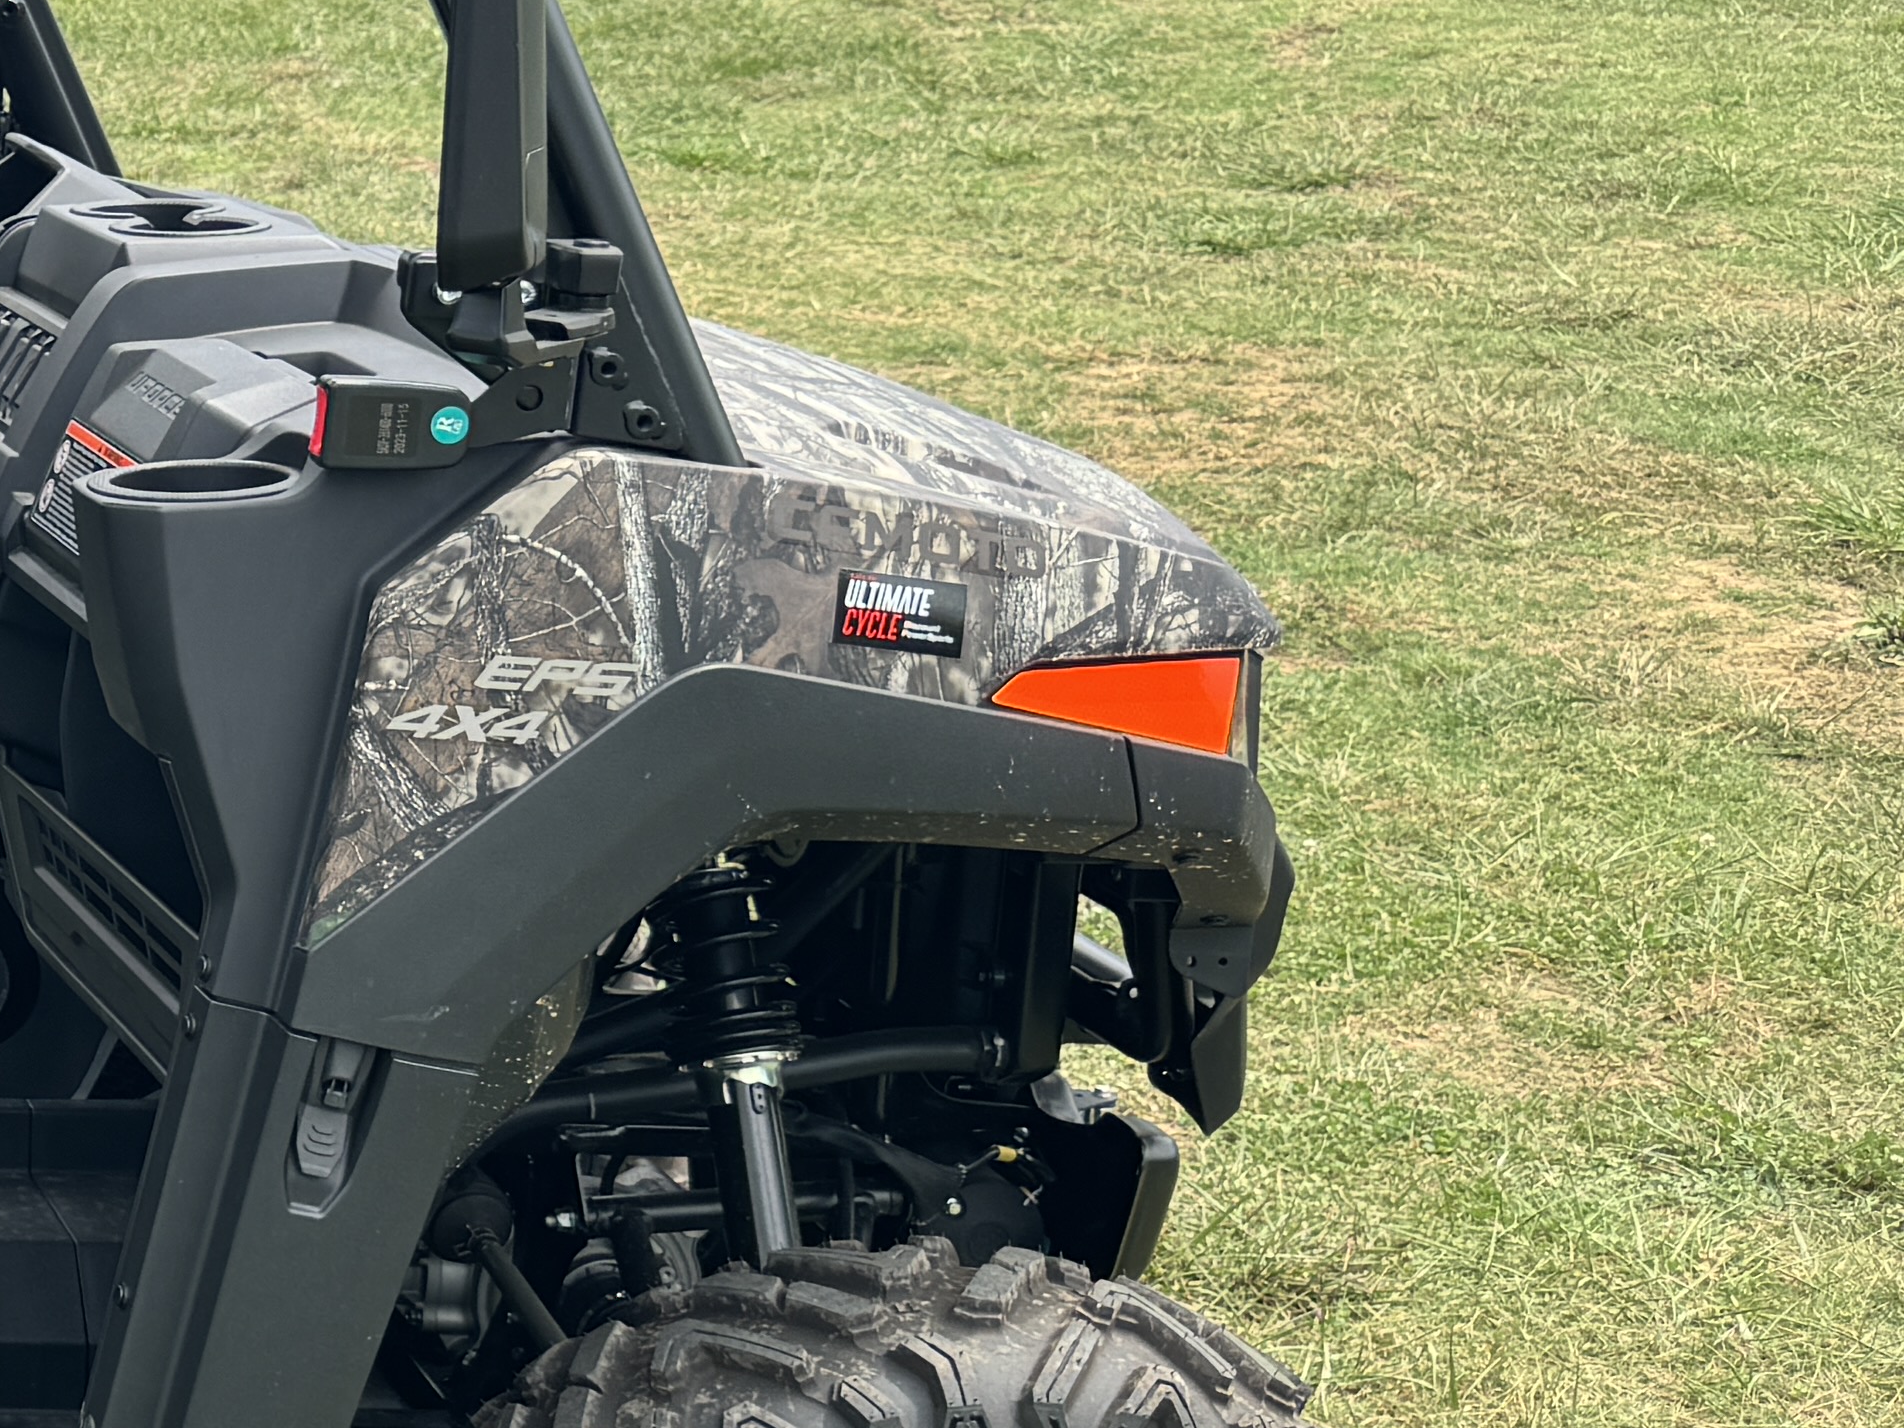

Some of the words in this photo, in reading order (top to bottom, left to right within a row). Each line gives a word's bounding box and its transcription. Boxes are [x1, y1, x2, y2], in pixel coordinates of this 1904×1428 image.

[765, 495, 1046, 578] CFMOTO
[844, 578, 935, 617] ULTIMATE
[842, 608, 903, 641] CYCLE
[473, 654, 642, 697] EPS
[385, 704, 549, 744] 4X4
● ● ●
# Work item
Only the pictures stay out; the rest of the entries above must be written out exactly.

# Expected answer
Some of the words in this photo, in reading order (top to bottom, left to right within a row). Each line gives a word's bounding box and its transcription. Boxes are [x1, y1, x2, y2], in pixel coordinates of this 1904×1428 image.

[765, 495, 1046, 578] CFMOTO
[844, 578, 935, 617] ULTIMATE
[842, 608, 903, 641] CYCLE
[473, 654, 642, 697] EPS
[385, 704, 549, 744] 4X4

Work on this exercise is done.